It's already spread everywhere.
I think the culture of where it spreads to does change things, though. The UK is derisively called TERF island, and it's not necessarily because it's full of frothing at the mouth transphobes. The public figures challenging the extreme rhetoric are lefty liberal educated middle class types with townhouses in Islington, whereas their counterparts in the Upper East Side seem to stay quiet.
There's definitely a strong contingent of people who are sold wholesale on it (after all, Aimee Challenor got high up in two political parties and the largest LGBT campaign group in the UK despite being only 22/23). But I never
quite saw the same level of hysteria as I saw coming out of the states. People would have similar viewpoints and be aggressive about it, but they wouldn't
lose their shit in person in quite the same way.
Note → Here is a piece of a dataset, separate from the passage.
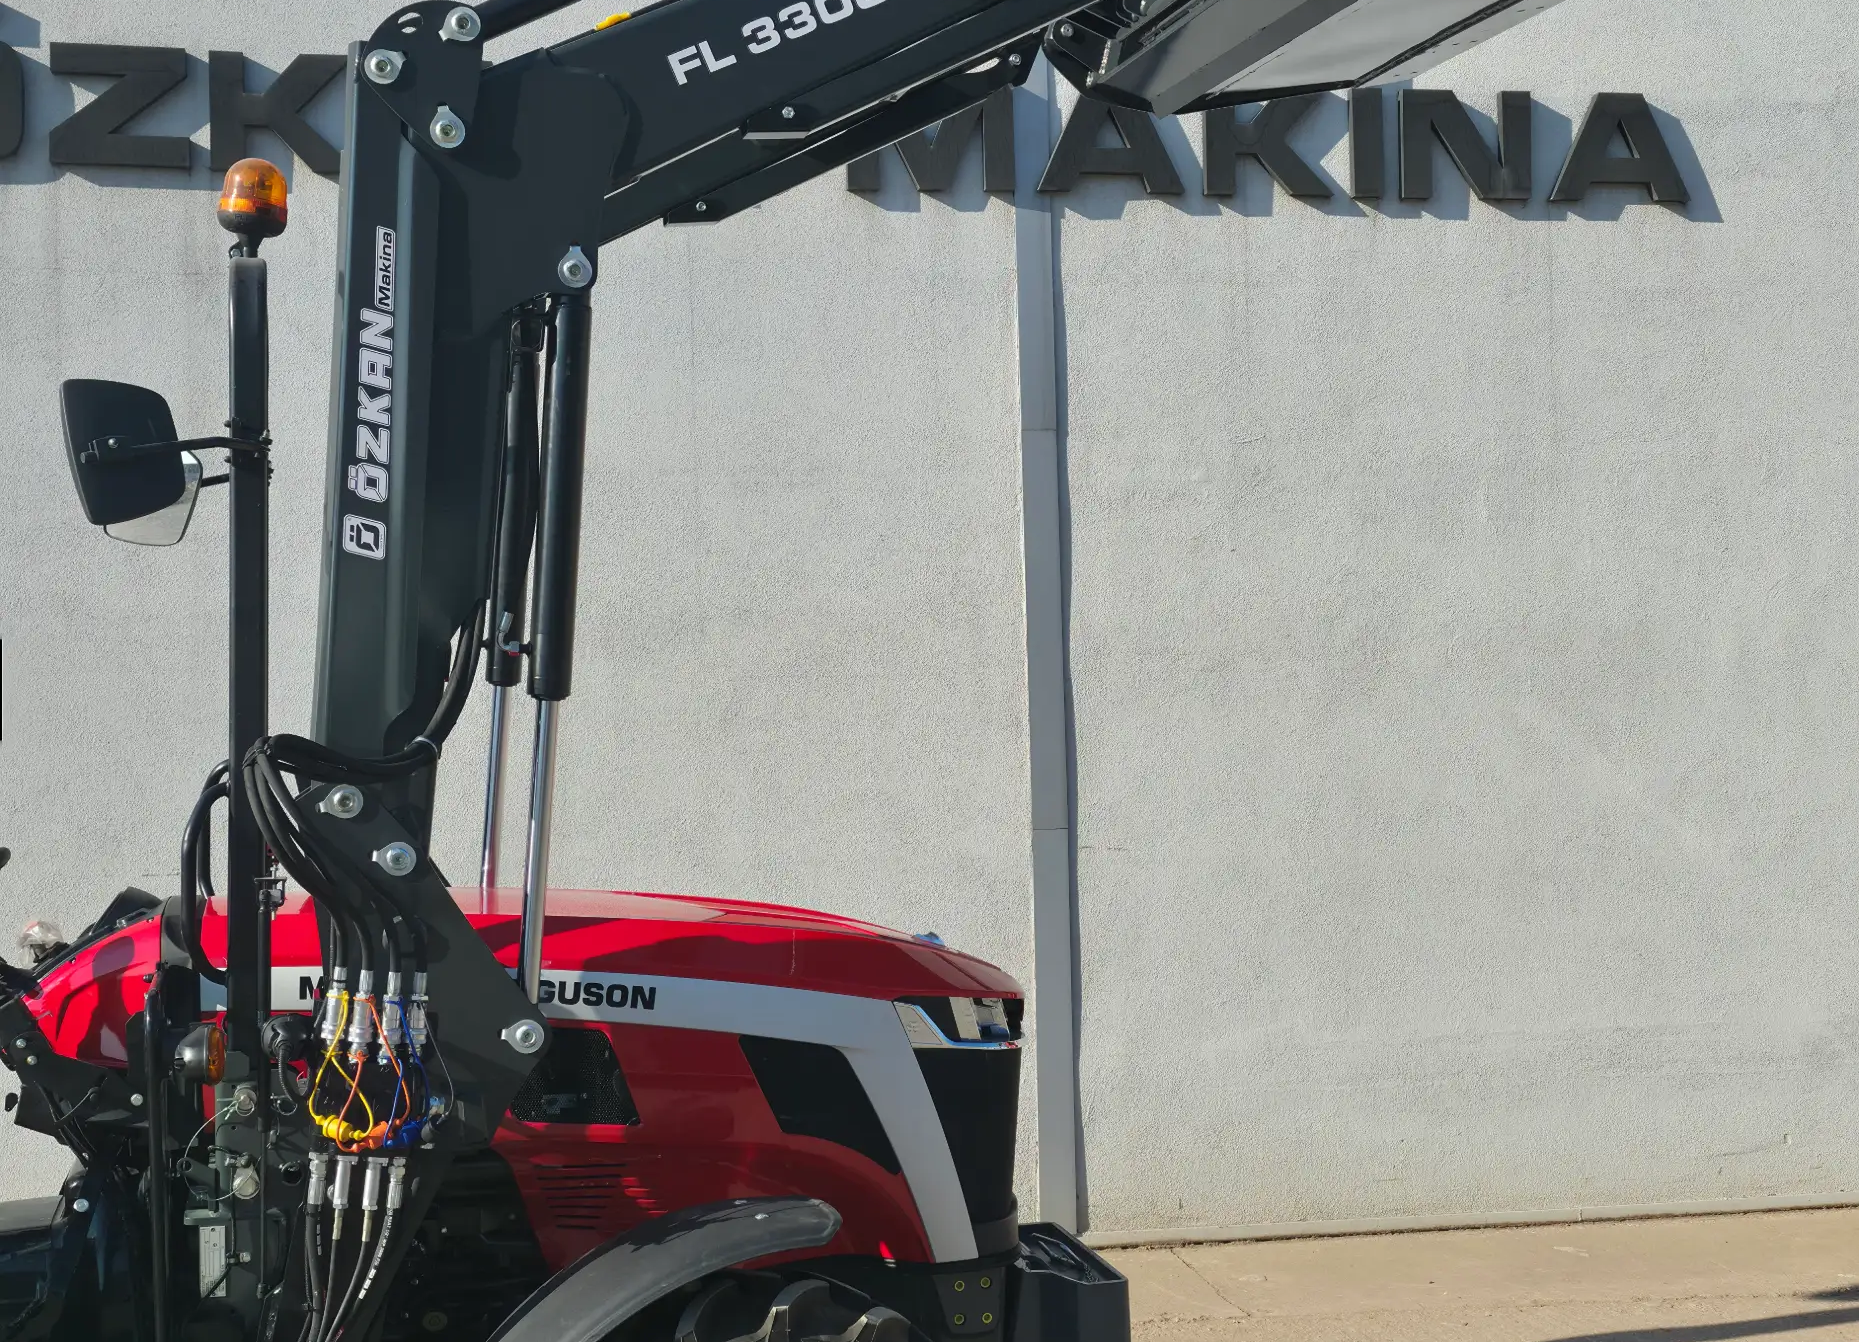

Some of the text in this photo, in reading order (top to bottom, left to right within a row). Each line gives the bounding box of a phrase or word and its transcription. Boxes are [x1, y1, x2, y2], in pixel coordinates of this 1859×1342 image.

It might have changed now, it's been a while since I was at university. There's maybe more of an aversion to people screaming and taking themselves too seriously - on the opposite side, they tried airing Fox News over here and it never took off, because even though Glenn Beck's views may have chimed with some people, they looked at him yelling and crying and went "who's this prick?".
I posted this
YouGov poll here the other day. It was initially hailed as a triumph - a plurality of Brits in general support the statements of "trans women are women" and "trans men are men", and support the right to self id. But there's a hardline of thinking trans women shouldn't compete in sport, or use women's changing rooms pre-op. Some of those views hold across the most woke demographics. I'd love to see comparative polls run in the most liberal parts of the US vs the US overall. It's hard for me to gauge exactly what it's like in some American cities.